Working data section start

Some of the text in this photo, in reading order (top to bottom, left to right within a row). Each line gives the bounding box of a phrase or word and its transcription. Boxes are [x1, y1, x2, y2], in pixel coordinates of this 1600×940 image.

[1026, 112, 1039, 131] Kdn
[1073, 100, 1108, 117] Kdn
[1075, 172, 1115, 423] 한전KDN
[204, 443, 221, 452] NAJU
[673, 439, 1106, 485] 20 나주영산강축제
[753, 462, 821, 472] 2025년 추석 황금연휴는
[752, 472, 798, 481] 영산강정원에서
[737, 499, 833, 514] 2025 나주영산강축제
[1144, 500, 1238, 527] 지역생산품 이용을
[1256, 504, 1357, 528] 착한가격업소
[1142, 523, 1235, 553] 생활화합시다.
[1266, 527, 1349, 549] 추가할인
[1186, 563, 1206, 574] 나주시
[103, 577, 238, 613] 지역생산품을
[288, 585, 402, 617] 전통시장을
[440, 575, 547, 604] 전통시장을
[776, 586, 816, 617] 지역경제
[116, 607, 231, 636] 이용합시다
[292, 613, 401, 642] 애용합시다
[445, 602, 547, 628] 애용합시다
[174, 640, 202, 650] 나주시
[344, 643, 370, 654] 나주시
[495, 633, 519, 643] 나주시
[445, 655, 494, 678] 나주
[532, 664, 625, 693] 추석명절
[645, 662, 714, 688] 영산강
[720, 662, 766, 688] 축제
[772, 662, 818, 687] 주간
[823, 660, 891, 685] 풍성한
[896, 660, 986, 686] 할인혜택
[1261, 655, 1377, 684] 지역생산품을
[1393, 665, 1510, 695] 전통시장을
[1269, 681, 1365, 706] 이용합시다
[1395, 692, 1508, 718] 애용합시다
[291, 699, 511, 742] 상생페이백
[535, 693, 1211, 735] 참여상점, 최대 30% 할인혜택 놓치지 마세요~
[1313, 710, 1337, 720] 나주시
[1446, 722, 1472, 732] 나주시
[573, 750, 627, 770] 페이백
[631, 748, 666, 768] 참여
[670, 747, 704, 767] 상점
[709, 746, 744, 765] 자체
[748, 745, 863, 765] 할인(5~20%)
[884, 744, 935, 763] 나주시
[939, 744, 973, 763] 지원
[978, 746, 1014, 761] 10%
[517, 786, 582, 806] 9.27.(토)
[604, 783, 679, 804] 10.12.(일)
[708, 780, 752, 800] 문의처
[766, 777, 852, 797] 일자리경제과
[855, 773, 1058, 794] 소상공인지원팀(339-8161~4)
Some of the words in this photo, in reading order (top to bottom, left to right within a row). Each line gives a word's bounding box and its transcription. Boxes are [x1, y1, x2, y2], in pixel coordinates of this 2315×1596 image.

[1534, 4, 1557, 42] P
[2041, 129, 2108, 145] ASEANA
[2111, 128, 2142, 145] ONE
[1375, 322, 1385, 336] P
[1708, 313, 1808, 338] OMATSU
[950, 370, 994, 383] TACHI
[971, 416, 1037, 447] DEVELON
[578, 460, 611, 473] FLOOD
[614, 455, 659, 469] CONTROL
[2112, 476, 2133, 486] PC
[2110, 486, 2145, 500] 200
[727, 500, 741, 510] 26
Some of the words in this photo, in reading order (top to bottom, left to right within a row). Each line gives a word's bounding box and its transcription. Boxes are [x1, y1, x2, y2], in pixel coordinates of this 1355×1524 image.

Working data section end

Retype the listing exactly.

● Solution to this exercise:
Some of the text in this photo, in reading order (top to bottom, left to right within a row). Each line gives the bounding box of a phrase or word and its transcription. Boxes are [x1, y1, x2, y2], in pixel coordinates of this 1600×940 image.

[1026, 112, 1039, 131] Kdn
[1073, 100, 1108, 117] Kdn
[1075, 172, 1115, 423] 한전KDN
[204, 443, 221, 452] NAJU
[673, 439, 1106, 485] 20 나주영산강축제
[753, 462, 821, 472] 2025년 추석 황금연휴는
[752, 472, 798, 481] 영산강정원에서
[737, 499, 833, 514] 2025 나주영산강축제
[1144, 500, 1238, 527] 지역생산품 이용을
[1256, 504, 1357, 528] 착한가격업소
[1142, 523, 1235, 553] 생활화합시다.
[1266, 527, 1349, 549] 추가할인
[1186, 563, 1206, 574] 나주시
[103, 577, 238, 613] 지역생산품을
[288, 585, 402, 617] 전통시장을
[440, 575, 547, 604] 전통시장을
[776, 586, 816, 617] 지역경제
[116, 607, 231, 636] 이용합시다
[292, 613, 401, 642] 애용합시다
[445, 602, 547, 628] 애용합시다
[174, 640, 202, 650] 나주시
[344, 643, 370, 654] 나주시
[495, 633, 519, 643] 나주시
[445, 655, 494, 678] 나주
[532, 664, 625, 693] 추석명절
[645, 662, 714, 688] 영산강
[720, 662, 766, 688] 축제
[772, 662, 818, 687] 주간
[823, 660, 891, 685] 풍성한
[896, 660, 986, 686] 할인혜택
[1261, 655, 1377, 684] 지역생산품을
[1393, 665, 1510, 695] 전통시장을
[1269, 681, 1365, 706] 이용합시다
[1395, 692, 1508, 718] 애용합시다
[291, 699, 511, 742] 상생페이백
[535, 693, 1211, 735] 참여상점, 최대 30% 할인혜택 놓치지 마세요~
[1313, 710, 1337, 720] 나주시
[1446, 722, 1472, 732] 나주시
[573, 750, 627, 770] 페이백
[631, 748, 666, 768] 참여
[670, 747, 704, 767] 상점
[709, 746, 744, 765] 자체
[748, 745, 863, 765] 할인(5~20%)
[884, 744, 935, 763] 나주시
[939, 744, 973, 763] 지원
[978, 746, 1014, 761] 10%
[517, 786, 582, 806] 9.27.(토)
[604, 783, 679, 804] 10.12.(일)
[708, 780, 752, 800] 문의처
[766, 777, 852, 797] 일자리경제과
[855, 773, 1058, 794] 소상공인지원팀(339-8161~4)
Some of the words in this photo, in reading order (top to bottom, left to right within a row). Each line gives a word's bounding box and its transcription. Boxes are [x1, y1, x2, y2], in pixel coordinates of this 2315×1596 image.

[1534, 4, 1557, 42] P
[2041, 129, 2108, 145] ASEANA
[2111, 128, 2142, 145] ONE
[1375, 322, 1385, 336] P
[1708, 313, 1808, 338] OMATSU
[950, 370, 994, 383] TACHI
[971, 416, 1037, 447] DEVELON
[578, 460, 611, 473] FLOOD
[614, 455, 659, 469] CONTROL
[2112, 476, 2133, 486] PC
[2110, 486, 2145, 500] 200
[727, 500, 741, 510] 26
Some of the words in this photo, in reading order (top to bottom, left to right within a row). Each line gives a word's bounding box and its transcription. Boxes are [x1, y1, x2, y2], in pixel coordinates of this 1355×1524 image.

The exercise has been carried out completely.